### Data shown
----------
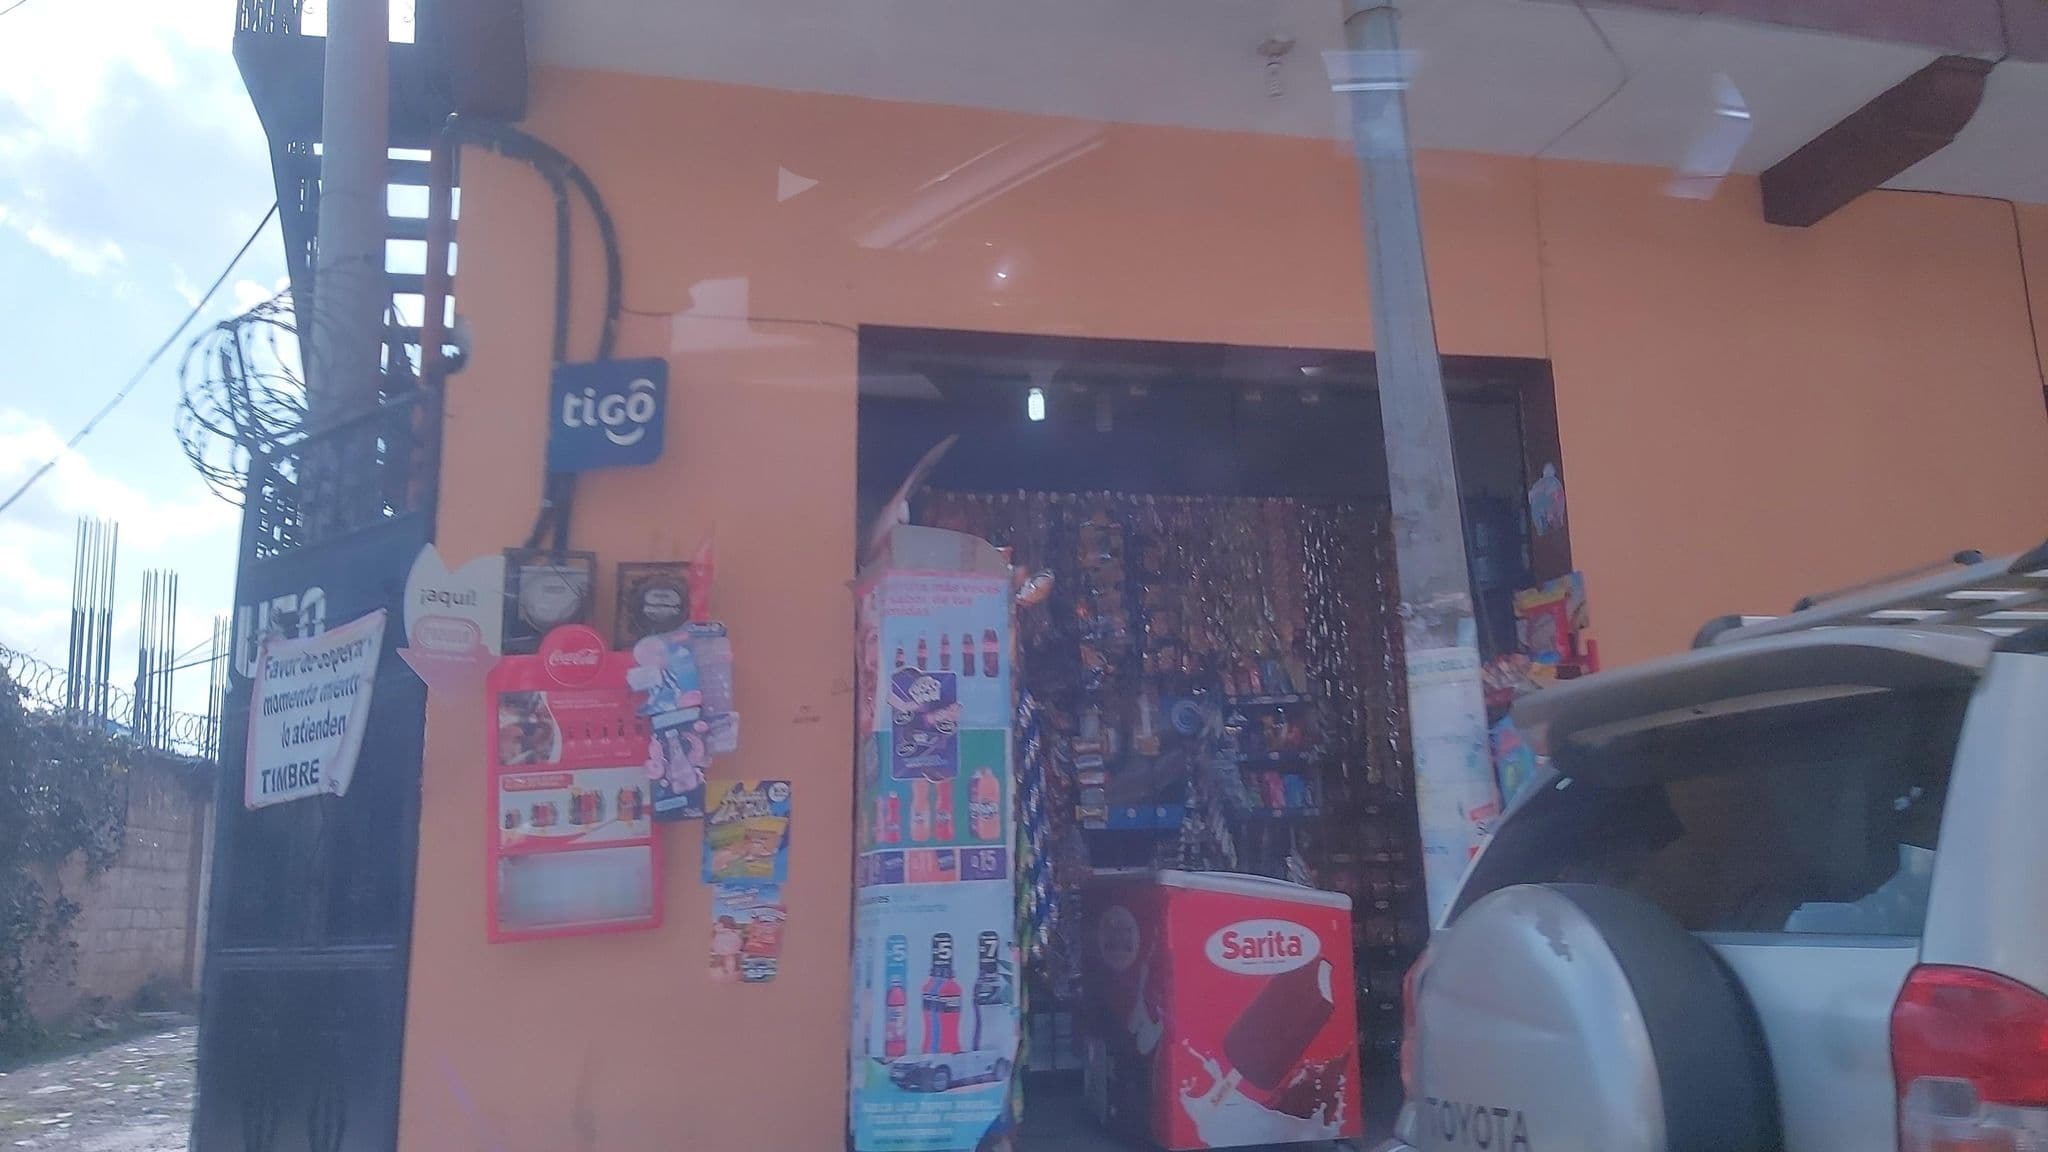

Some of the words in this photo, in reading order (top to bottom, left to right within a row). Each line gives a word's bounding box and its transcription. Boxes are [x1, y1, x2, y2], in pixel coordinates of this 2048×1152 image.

[262, 758, 320, 794] TIMBRE
[1222, 930, 1303, 959] Sarita
[1424, 1097, 1533, 1152] TOYOTA
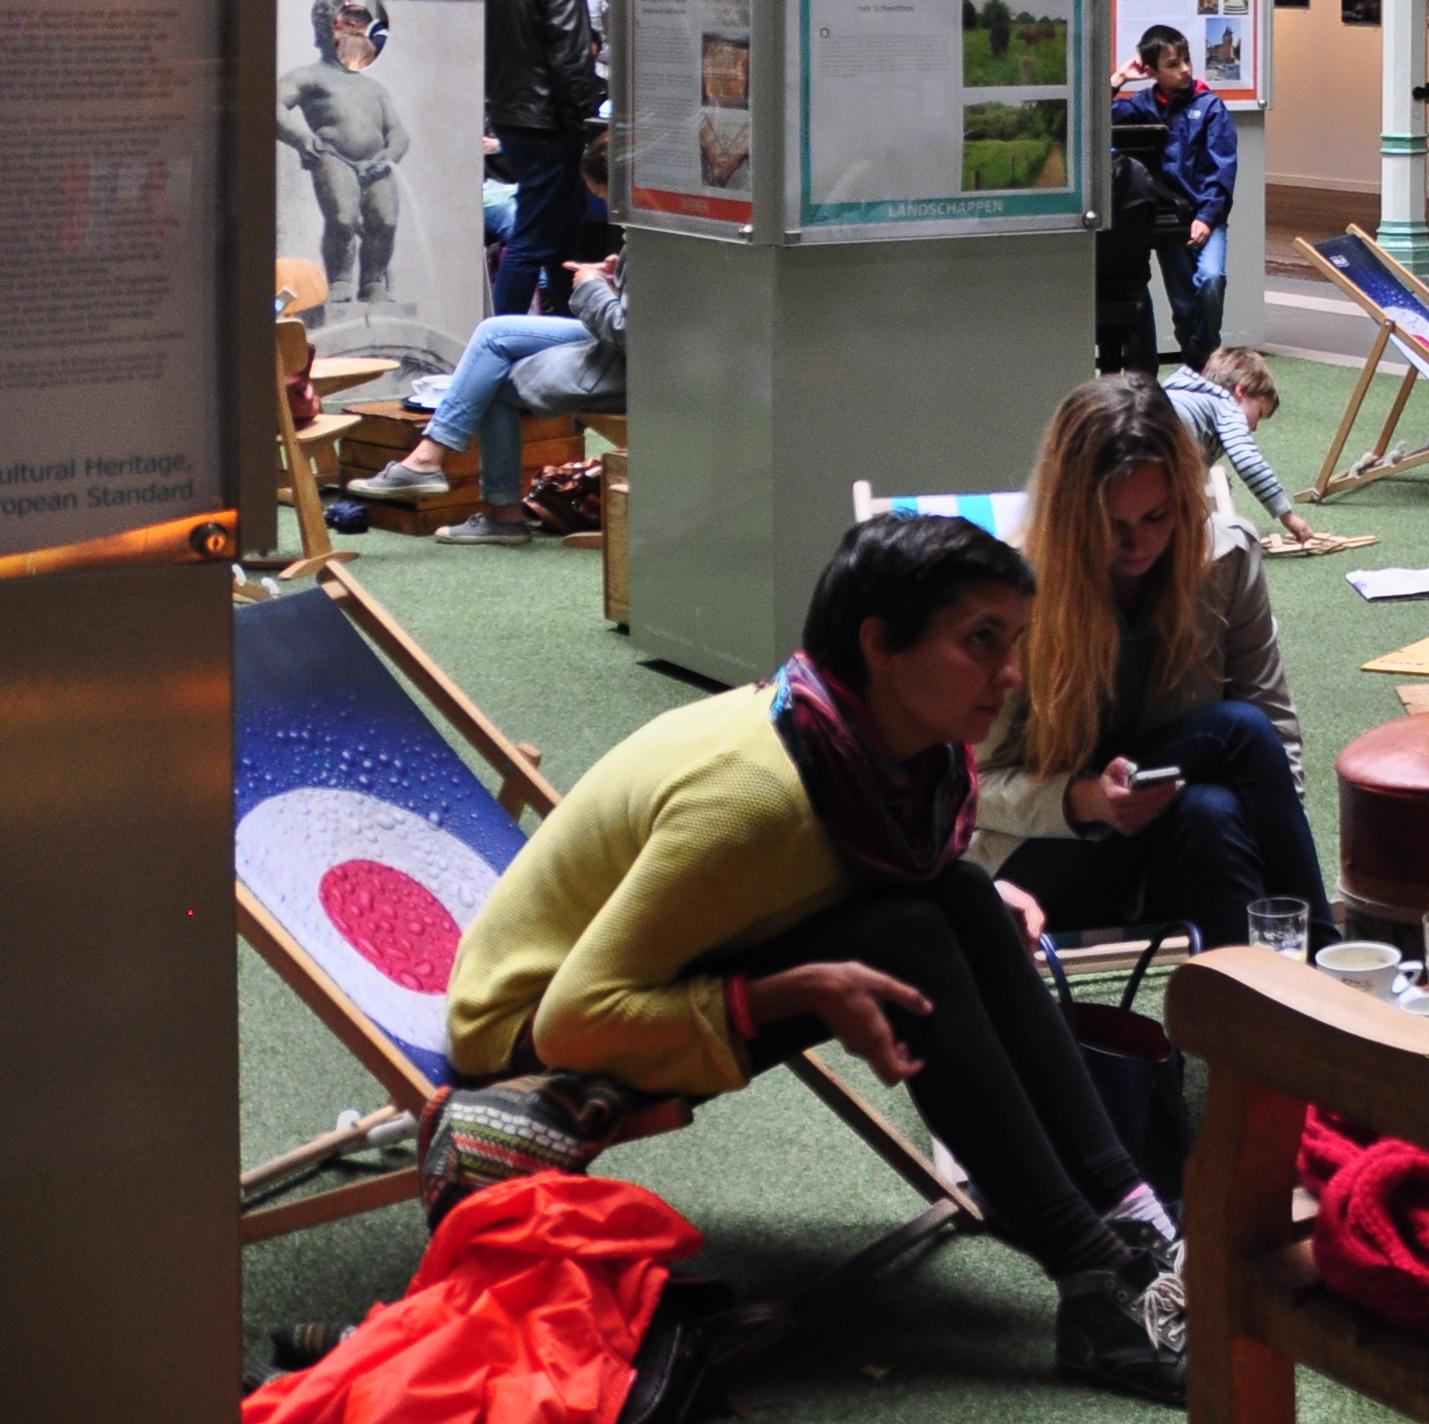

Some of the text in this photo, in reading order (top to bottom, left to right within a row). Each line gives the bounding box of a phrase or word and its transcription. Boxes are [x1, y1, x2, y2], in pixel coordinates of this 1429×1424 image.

[888, 200, 1004, 218] LANDSCHAPPEN
[85, 454, 192, 478] Heritage,
[87, 480, 194, 508] Standard
----------
### What you have to do
Write out all the entries again, word for word, and print no images.

### Your solution
Some of the words in this photo, in reading order (top to bottom, left to right within a row). Each line gives a word's bounding box and its transcription. Boxes are [x1, y1, x2, y2], in pixel coordinates of this 2048×1152 image.

[262, 758, 320, 794] TIMBRE
[1222, 930, 1303, 959] Sarita
[1424, 1097, 1533, 1152] TOYOTA

Some of the text in this photo, in reading order (top to bottom, left to right within a row). Each line gives the bounding box of a phrase or word and its transcription. Boxes are [x1, y1, x2, y2], in pixel coordinates of this 1429×1424 image.

[888, 200, 1004, 218] LANDSCHAPPEN
[85, 454, 192, 478] Heritage,
[87, 480, 194, 508] Standard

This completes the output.